Hospital staff at the Dr. Musa and Suhaila Nasir Pediatric Cancer Department sent videos to The Daily Beast from the ward, showing the children being treated at the facility and their families. The Daily Beast was not able to interview the patients and families directly, due to phone service interruptions in Gaza.

In one of the clips, shared with The Daily Beast by a hospital staffer, a woman with an infant on her lap sits nearby her young daughter, who looks to be about 10 years old. “We have no winter clothes, no milk, no diapers,” she said, speaking to the staffer, who said in the video that the family’s home was destroyed by an airstrike.

In another clip, a young boy with a bald head named Adam—described as a leukemia patient by the staffer—is laying on the bed, with his brother hovering over him. The staffer asks the brother how he is feeling, and whether he is scared. He shakes his head, mumbling “no” in Arabic.
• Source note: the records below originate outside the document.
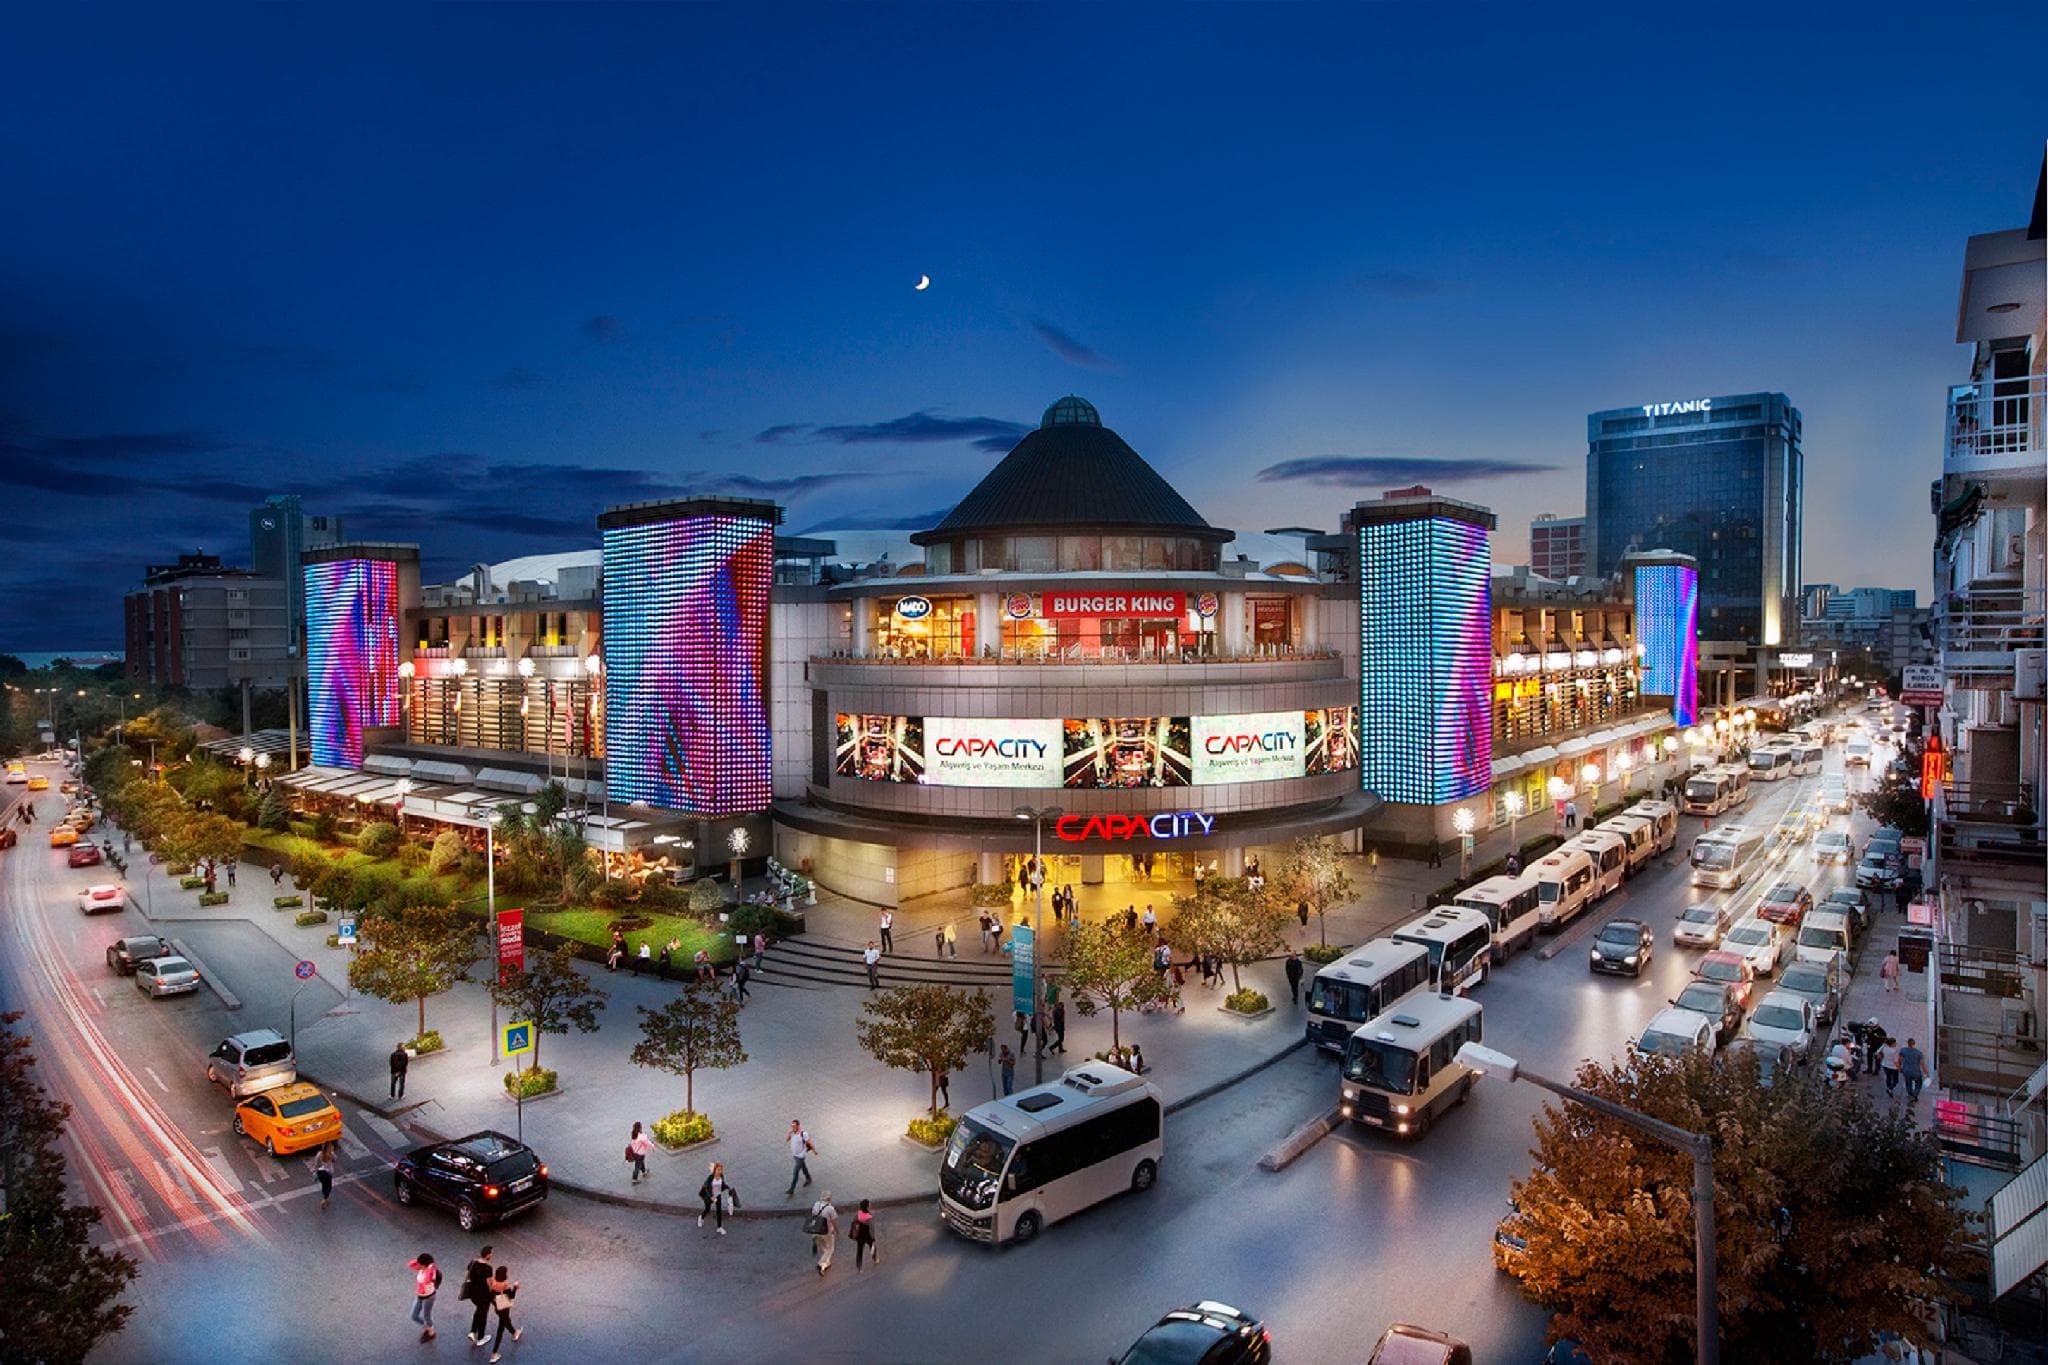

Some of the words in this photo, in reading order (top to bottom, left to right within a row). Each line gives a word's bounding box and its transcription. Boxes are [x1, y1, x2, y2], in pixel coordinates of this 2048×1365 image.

[1643, 399, 1711, 416] TITANIC
[900, 601, 926, 612] MADO
[1054, 596, 1127, 612] BURGER
[1131, 596, 1175, 612] KING
[936, 738, 1047, 758] CAPACITY
[1205, 731, 1297, 754] CAPACITY
[1056, 812, 1214, 840] CAPACITY
“This is a place to heal cancer patients, and this is the suffering we are going through” the staffer said while giving a video tour of the ward. “It’s a tragic situation.”

Courtesy of Dr. Zeena Salman
Courtesy of Dr. Zeena Salman

‘No words’

The head of the PCRR, the charity that funded and facilitated the opening of the cancer unit, is Steve Sosebee, Salman’s husband. Sosebee is an American citizen who has been back and forth between the U.S. and the Palestinian territories for some 30 years.

“We’ve never seen this kind of absolute inhumanity and complete disregard for human life. And the use of high-ordnance weapons on innocent civilians, over and over nonstop, is beyond the pale of humanity,” Sosebee told The Daily Beast in an interview last week, referring to civilian casualties from the Israeli airstrikes pummeling Gaza. “And there’s just simply no words to express this kind of crime and murder of innocent women and children and civilians. And I don’t know what else to say about that, other than: We’re all brokenhearted, and in shock.”

More than 5,000 Gaza residents have been killed in Israeli airstrikes since the Oct. 7 attack on Israel, in which Hamas militants killed some 1,400 Israeli citizens and took roughly 200 others hostage. Now, a looming ground invasion of Gaza is all but certain to add to the death count.

They're hoping for a situation in which there's still so much trauma.

For Sosebee, the horrors of the war go beyond the threat of a missile hitting the hospital.

“These kids have had their homes destroyed, their family members killed and could slowly die themselves because their medication has been cut off,” citing issues caused by Israel’s blockade on Gaza. That department every day has a shortage of clean water for those patients to drink, which is the bare minimum of nutrition. They’re not able to get food on a regular basis.”

Even the “norm” in Gaza—when the enclave isn’t being pounded by airstrikes—is difficult to bear, Salman emphasized.

Courtesy of Dr. Zeena Salman
Courtesy of Dr. Zeena Salman

She recalled the case of one cancer patient who she had helped treat on one of her trips to the Palestinian territories: a 3-year-old boy from Gaza who had to be transferred to another PCRF cancer ward in the West Bank. His mother couldn’t join him, she said, because she didn’t have the right permit to leave the enclave.

“For a month, he was in the hospital. He didn’t smile, not one time for 30 days. And I remember that at the end of the 30 days, by some miracle, his mother obtained a permit. And I will never, ever forget that moment when he saw his mother, I’m tearing up right now thinking about it. The smile that finally appeared on this beautiful little boy’s face would just break your heart into a million pieces,” she said.

For people in Gaza, those kinds of difficulties persist “even without active war or bombing taking place at any moment,” Salman added. “They’re hoping for a situation in which there’s still so much trauma. That is their norm and that norm is traumatic and painful and horrific to watch.”